In this study, several limitations had to be considered. First, our CHI model does not encompass the linear translation and rotation forces commonly encountered in human cases of mTBI. To better replicate the effects of acceleration-deceleration injuries in the brain, future research using unrestrained animals, such as a closed-head impact model of engineered rotational acceleration (CHIMERA) [52], will be needed. Second, while the changes of FA, L, and q values were observed at days 50 and 90 in our selected ROIs, these results may not be extrapolated to other time points following rmTBI or other brain regions. Future studies combining tract-based spatial statistics (TBSS) may provide a comprehensive WM map at the whole brain scale to illustrate the tentative changes following brain injury [30]. Finally, while our study highlights the sensitivity of tensor metrics in detecting the effects of rmTBI, the specificity of these changes to the underlying mechanisms remains to be studied. Despite not anticipating a significant correlation among individual tensor metrics based on previous studies [53, 54], a comprehensive multivariable analysis may clarify the alteration in these MRI features in relation to subtle microstructural abnormalities following rmTBI.

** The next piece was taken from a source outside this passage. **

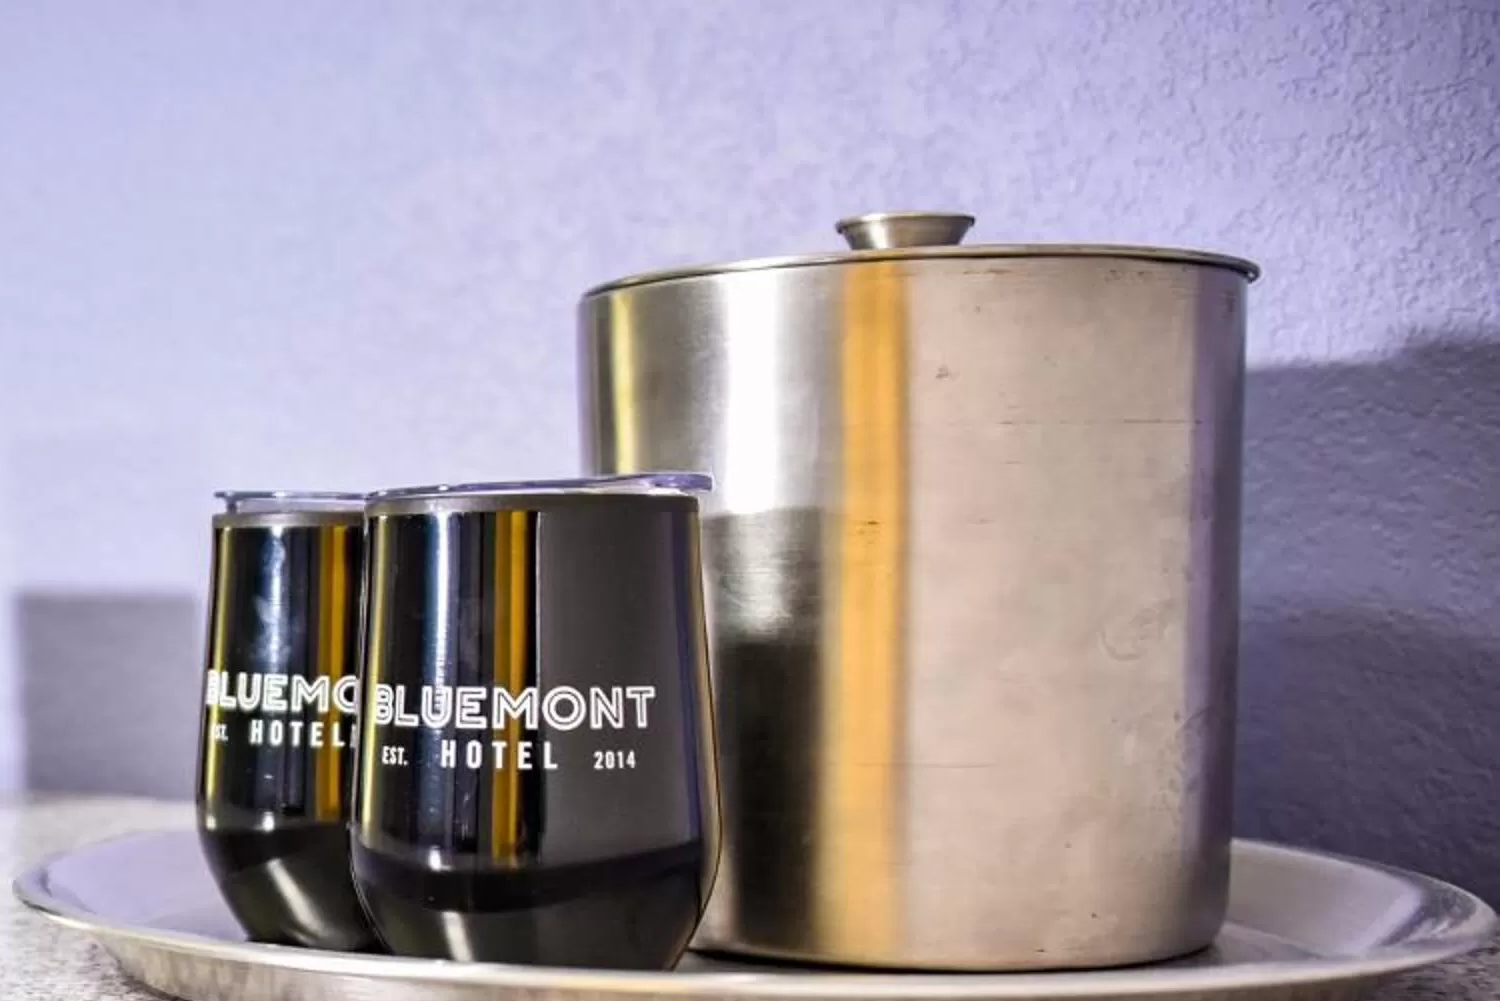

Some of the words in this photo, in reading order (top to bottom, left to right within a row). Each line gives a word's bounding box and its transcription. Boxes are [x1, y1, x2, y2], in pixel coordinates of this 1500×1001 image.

In summary, our results support the hypothesis that rmTBI with shorter inter-injury intervals is associated with more pronounced cerebral alteration, as evidenced by DTI metrics and neuropathological changes. These alterations are not confined to the parenchyma beneath the primary impact site but also affect remote WM in the ipsilesional hemisphere. Notably, the WM in the lateral part of the brain exhibits greater susceptibility to chronic injury. Furthermore, our results reveal that the anisotropy component, q value, is sensitive to astrogliosis surrounding the subtle axonal damage, highlighting its potential for quantifying remote WM changes following rmTBI.